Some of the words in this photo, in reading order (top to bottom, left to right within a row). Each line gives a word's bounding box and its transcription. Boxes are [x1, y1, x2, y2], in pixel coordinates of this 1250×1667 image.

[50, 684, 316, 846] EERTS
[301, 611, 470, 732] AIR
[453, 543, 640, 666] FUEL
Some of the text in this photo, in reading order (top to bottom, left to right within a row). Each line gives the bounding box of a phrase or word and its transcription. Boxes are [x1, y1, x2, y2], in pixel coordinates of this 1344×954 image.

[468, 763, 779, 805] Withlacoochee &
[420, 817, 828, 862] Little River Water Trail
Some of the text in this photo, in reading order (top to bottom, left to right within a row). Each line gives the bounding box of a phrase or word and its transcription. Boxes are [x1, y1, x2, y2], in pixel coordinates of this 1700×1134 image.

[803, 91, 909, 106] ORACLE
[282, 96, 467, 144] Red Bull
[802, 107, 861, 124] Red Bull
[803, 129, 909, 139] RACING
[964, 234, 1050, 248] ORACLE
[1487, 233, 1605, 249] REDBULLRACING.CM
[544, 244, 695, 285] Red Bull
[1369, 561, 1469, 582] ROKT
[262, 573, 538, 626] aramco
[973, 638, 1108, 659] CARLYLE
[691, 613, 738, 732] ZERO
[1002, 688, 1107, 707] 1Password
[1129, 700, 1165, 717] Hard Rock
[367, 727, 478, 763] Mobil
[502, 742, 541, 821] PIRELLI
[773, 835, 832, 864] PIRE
━━━━━━━━━━
WHAT IS BEING ASKED:
Retype all the data. Nothing may be left out or altered.

RESPONSE AREA:
Some of the words in this photo, in reading order (top to bottom, left to right within a row). Each line gives a word's bounding box and its transcription. Boxes are [x1, y1, x2, y2], in pixel coordinates of this 1250×1667 image.

[50, 684, 316, 846] EERTS
[301, 611, 470, 732] AIR
[453, 543, 640, 666] FUEL
Some of the text in this photo, in reading order (top to bottom, left to right within a row). Each line gives the bounding box of a phrase or word and its transcription. Boxes are [x1, y1, x2, y2], in pixel coordinates of this 1344×954 image.

[468, 763, 779, 805] Withlacoochee &
[420, 817, 828, 862] Little River Water Trail
Some of the text in this photo, in reading order (top to bottom, left to right within a row). Each line gives the bounding box of a phrase or word and its transcription. Boxes are [x1, y1, x2, y2], in pixel coordinates of this 1700×1134 image.

[803, 91, 909, 106] ORACLE
[282, 96, 467, 144] Red Bull
[802, 107, 861, 124] Red Bull
[803, 129, 909, 139] RACING
[964, 234, 1050, 248] ORACLE
[1487, 233, 1605, 249] REDBULLRACING.CM
[544, 244, 695, 285] Red Bull
[1369, 561, 1469, 582] ROKT
[262, 573, 538, 626] aramco
[973, 638, 1108, 659] CARLYLE
[691, 613, 738, 732] ZERO
[1002, 688, 1107, 707] 1Password
[1129, 700, 1165, 717] Hard Rock
[367, 727, 478, 763] Mobil
[502, 742, 541, 821] PIRELLI
[773, 835, 832, 864] PIRE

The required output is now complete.